- [YOUR GOAL] Send back the entries exactly as they were given.

- [DATASET RECORDS]
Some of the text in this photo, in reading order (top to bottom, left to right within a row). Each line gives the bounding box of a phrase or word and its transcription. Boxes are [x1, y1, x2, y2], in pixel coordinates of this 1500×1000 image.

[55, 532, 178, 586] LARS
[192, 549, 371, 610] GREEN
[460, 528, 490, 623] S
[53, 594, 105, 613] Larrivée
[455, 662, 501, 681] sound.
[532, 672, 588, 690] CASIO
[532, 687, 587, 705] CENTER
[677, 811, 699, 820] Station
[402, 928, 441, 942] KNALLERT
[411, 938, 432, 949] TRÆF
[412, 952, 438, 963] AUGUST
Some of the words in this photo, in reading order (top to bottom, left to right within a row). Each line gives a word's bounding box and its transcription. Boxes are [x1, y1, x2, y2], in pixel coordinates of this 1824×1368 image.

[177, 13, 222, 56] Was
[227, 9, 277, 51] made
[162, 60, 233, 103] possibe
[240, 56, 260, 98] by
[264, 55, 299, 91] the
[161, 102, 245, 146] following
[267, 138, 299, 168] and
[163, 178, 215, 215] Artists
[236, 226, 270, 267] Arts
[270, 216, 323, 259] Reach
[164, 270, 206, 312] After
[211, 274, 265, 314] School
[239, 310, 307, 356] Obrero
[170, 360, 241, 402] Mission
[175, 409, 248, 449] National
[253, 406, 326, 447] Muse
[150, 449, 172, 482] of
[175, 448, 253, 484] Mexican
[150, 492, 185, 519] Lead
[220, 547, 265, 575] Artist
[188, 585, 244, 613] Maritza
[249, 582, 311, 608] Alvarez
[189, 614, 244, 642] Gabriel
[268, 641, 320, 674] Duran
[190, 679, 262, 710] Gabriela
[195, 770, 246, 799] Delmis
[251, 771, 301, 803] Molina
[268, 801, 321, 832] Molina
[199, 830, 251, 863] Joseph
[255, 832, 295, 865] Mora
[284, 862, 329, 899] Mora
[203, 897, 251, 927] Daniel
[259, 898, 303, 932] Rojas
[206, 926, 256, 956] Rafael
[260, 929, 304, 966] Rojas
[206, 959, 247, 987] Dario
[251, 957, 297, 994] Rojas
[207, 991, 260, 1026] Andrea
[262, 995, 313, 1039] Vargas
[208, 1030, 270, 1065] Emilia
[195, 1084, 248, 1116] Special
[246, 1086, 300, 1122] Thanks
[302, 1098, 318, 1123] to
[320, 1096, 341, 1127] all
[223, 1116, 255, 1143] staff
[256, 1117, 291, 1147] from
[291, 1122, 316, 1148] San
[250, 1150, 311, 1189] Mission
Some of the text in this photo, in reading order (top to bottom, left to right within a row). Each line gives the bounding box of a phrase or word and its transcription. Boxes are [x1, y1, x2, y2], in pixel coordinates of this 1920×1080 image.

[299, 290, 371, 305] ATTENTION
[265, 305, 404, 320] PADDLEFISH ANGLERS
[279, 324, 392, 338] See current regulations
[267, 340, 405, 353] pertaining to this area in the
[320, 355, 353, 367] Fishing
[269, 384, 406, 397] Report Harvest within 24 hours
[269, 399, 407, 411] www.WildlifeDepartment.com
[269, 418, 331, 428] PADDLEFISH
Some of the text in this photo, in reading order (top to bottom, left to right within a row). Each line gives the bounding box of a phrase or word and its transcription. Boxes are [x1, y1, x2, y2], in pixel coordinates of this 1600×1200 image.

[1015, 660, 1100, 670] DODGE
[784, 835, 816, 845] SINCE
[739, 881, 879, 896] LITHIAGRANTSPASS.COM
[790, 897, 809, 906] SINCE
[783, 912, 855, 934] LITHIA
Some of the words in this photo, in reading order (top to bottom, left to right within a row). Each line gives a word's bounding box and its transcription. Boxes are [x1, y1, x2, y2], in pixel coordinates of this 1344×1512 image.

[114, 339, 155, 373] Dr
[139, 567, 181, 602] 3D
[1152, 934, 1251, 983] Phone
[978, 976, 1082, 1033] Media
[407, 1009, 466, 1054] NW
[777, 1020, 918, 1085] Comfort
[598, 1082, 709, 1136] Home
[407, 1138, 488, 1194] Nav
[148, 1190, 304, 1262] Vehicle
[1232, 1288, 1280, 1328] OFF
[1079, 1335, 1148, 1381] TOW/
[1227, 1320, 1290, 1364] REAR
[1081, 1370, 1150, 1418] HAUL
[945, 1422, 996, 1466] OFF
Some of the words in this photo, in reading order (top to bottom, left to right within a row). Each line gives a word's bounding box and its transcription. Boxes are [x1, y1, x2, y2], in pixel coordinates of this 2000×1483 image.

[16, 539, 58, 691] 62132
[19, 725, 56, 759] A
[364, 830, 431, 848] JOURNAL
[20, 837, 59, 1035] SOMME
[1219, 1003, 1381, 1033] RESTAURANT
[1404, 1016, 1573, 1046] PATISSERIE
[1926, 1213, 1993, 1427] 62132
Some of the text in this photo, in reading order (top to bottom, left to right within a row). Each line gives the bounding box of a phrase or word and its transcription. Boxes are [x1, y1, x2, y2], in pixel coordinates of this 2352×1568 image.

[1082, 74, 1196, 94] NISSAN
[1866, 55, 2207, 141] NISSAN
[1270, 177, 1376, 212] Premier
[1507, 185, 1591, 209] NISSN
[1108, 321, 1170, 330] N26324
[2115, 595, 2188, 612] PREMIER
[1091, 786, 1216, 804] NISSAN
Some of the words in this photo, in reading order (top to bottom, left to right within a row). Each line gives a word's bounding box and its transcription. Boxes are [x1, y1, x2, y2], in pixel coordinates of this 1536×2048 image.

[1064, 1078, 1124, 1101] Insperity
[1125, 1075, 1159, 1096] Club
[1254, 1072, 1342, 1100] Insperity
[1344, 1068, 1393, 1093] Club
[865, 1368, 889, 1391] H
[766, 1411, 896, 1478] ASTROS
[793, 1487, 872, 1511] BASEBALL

- [RESPONSE]
Some of the text in this photo, in reading order (top to bottom, left to right within a row). Each line gives the bounding box of a phrase or word and its transcription. Boxes are [x1, y1, x2, y2], in pixel coordinates of this 1500×1000 image.

[55, 532, 178, 586] LARS
[192, 549, 371, 610] GREEN
[460, 528, 490, 623] S
[53, 594, 105, 613] Larrivée
[455, 662, 501, 681] sound.
[532, 672, 588, 690] CASIO
[532, 687, 587, 705] CENTER
[677, 811, 699, 820] Station
[402, 928, 441, 942] KNALLERT
[411, 938, 432, 949] TRÆF
[412, 952, 438, 963] AUGUST
Some of the words in this photo, in reading order (top to bottom, left to right within a row). Each line gives a word's bounding box and its transcription. Boxes are [x1, y1, x2, y2], in pixel coordinates of this 1824×1368 image.

[177, 13, 222, 56] Was
[227, 9, 277, 51] made
[162, 60, 233, 103] possibe
[240, 56, 260, 98] by
[264, 55, 299, 91] the
[161, 102, 245, 146] following
[267, 138, 299, 168] and
[163, 178, 215, 215] Artists
[236, 226, 270, 267] Arts
[270, 216, 323, 259] Reach
[164, 270, 206, 312] After
[211, 274, 265, 314] School
[239, 310, 307, 356] Obrero
[170, 360, 241, 402] Mission
[175, 409, 248, 449] National
[253, 406, 326, 447] Muse
[150, 449, 172, 482] of
[175, 448, 253, 484] Mexican
[150, 492, 185, 519] Lead
[220, 547, 265, 575] Artist
[188, 585, 244, 613] Maritza
[249, 582, 311, 608] Alvarez
[189, 614, 244, 642] Gabriel
[268, 641, 320, 674] Duran
[190, 679, 262, 710] Gabriela
[195, 770, 246, 799] Delmis
[251, 771, 301, 803] Molina
[268, 801, 321, 832] Molina
[199, 830, 251, 863] Joseph
[255, 832, 295, 865] Mora
[284, 862, 329, 899] Mora
[203, 897, 251, 927] Daniel
[259, 898, 303, 932] Rojas
[206, 926, 256, 956] Rafael
[260, 929, 304, 966] Rojas
[206, 959, 247, 987] Dario
[251, 957, 297, 994] Rojas
[207, 991, 260, 1026] Andrea
[262, 995, 313, 1039] Vargas
[208, 1030, 270, 1065] Emilia
[195, 1084, 248, 1116] Special
[246, 1086, 300, 1122] Thanks
[302, 1098, 318, 1123] to
[320, 1096, 341, 1127] all
[223, 1116, 255, 1143] staff
[256, 1117, 291, 1147] from
[291, 1122, 316, 1148] San
[250, 1150, 311, 1189] Mission
Some of the text in this photo, in reading order (top to bottom, left to right within a row). Each line gives the bounding box of a phrase or word and its transcription. Boxes are [x1, y1, x2, y2], in pixel coordinates of this 1920×1080 image.

[299, 290, 371, 305] ATTENTION
[265, 305, 404, 320] PADDLEFISH ANGLERS
[279, 324, 392, 338] See current regulations
[267, 340, 405, 353] pertaining to this area in the
[320, 355, 353, 367] Fishing
[269, 384, 406, 397] Report Harvest within 24 hours
[269, 399, 407, 411] www.WildlifeDepartment.com
[269, 418, 331, 428] PADDLEFISH
Some of the text in this photo, in reading order (top to bottom, left to right within a row). Each line gives the bounding box of a phrase or word and its transcription. Boxes are [x1, y1, x2, y2], in pixel coordinates of this 1600×1200 image.

[1015, 660, 1100, 670] DODGE
[784, 835, 816, 845] SINCE
[739, 881, 879, 896] LITHIAGRANTSPASS.COM
[790, 897, 809, 906] SINCE
[783, 912, 855, 934] LITHIA
Some of the words in this photo, in reading order (top to bottom, left to right within a row). Each line gives a word's bounding box and its transcription. Boxes are [x1, y1, x2, y2], in pixel coordinates of this 1344×1512 image.

[114, 339, 155, 373] Dr
[139, 567, 181, 602] 3D
[1152, 934, 1251, 983] Phone
[978, 976, 1082, 1033] Media
[407, 1009, 466, 1054] NW
[777, 1020, 918, 1085] Comfort
[598, 1082, 709, 1136] Home
[407, 1138, 488, 1194] Nav
[148, 1190, 304, 1262] Vehicle
[1232, 1288, 1280, 1328] OFF
[1079, 1335, 1148, 1381] TOW/
[1227, 1320, 1290, 1364] REAR
[1081, 1370, 1150, 1418] HAUL
[945, 1422, 996, 1466] OFF
Some of the words in this photo, in reading order (top to bottom, left to right within a row). Each line gives a word's bounding box and its transcription. Boxes are [x1, y1, x2, y2], in pixel coordinates of this 2000×1483 image.

[16, 539, 58, 691] 62132
[19, 725, 56, 759] A
[364, 830, 431, 848] JOURNAL
[20, 837, 59, 1035] SOMME
[1219, 1003, 1381, 1033] RESTAURANT
[1404, 1016, 1573, 1046] PATISSERIE
[1926, 1213, 1993, 1427] 62132
Some of the text in this photo, in reading order (top to bottom, left to right within a row). Each line gives the bounding box of a phrase or word and its transcription. Boxes are [x1, y1, x2, y2], in pixel coordinates of this 2352×1568 image.

[1082, 74, 1196, 94] NISSAN
[1866, 55, 2207, 141] NISSAN
[1270, 177, 1376, 212] Premier
[1507, 185, 1591, 209] NISSN
[1108, 321, 1170, 330] N26324
[2115, 595, 2188, 612] PREMIER
[1091, 786, 1216, 804] NISSAN
Some of the words in this photo, in reading order (top to bottom, left to right within a row). Each line gives a word's bounding box and its transcription. Boxes are [x1, y1, x2, y2], in pixel coordinates of this 1536×2048 image.

[1064, 1078, 1124, 1101] Insperity
[1125, 1075, 1159, 1096] Club
[1254, 1072, 1342, 1100] Insperity
[1344, 1068, 1393, 1093] Club
[865, 1368, 889, 1391] H
[766, 1411, 896, 1478] ASTROS
[793, 1487, 872, 1511] BASEBALL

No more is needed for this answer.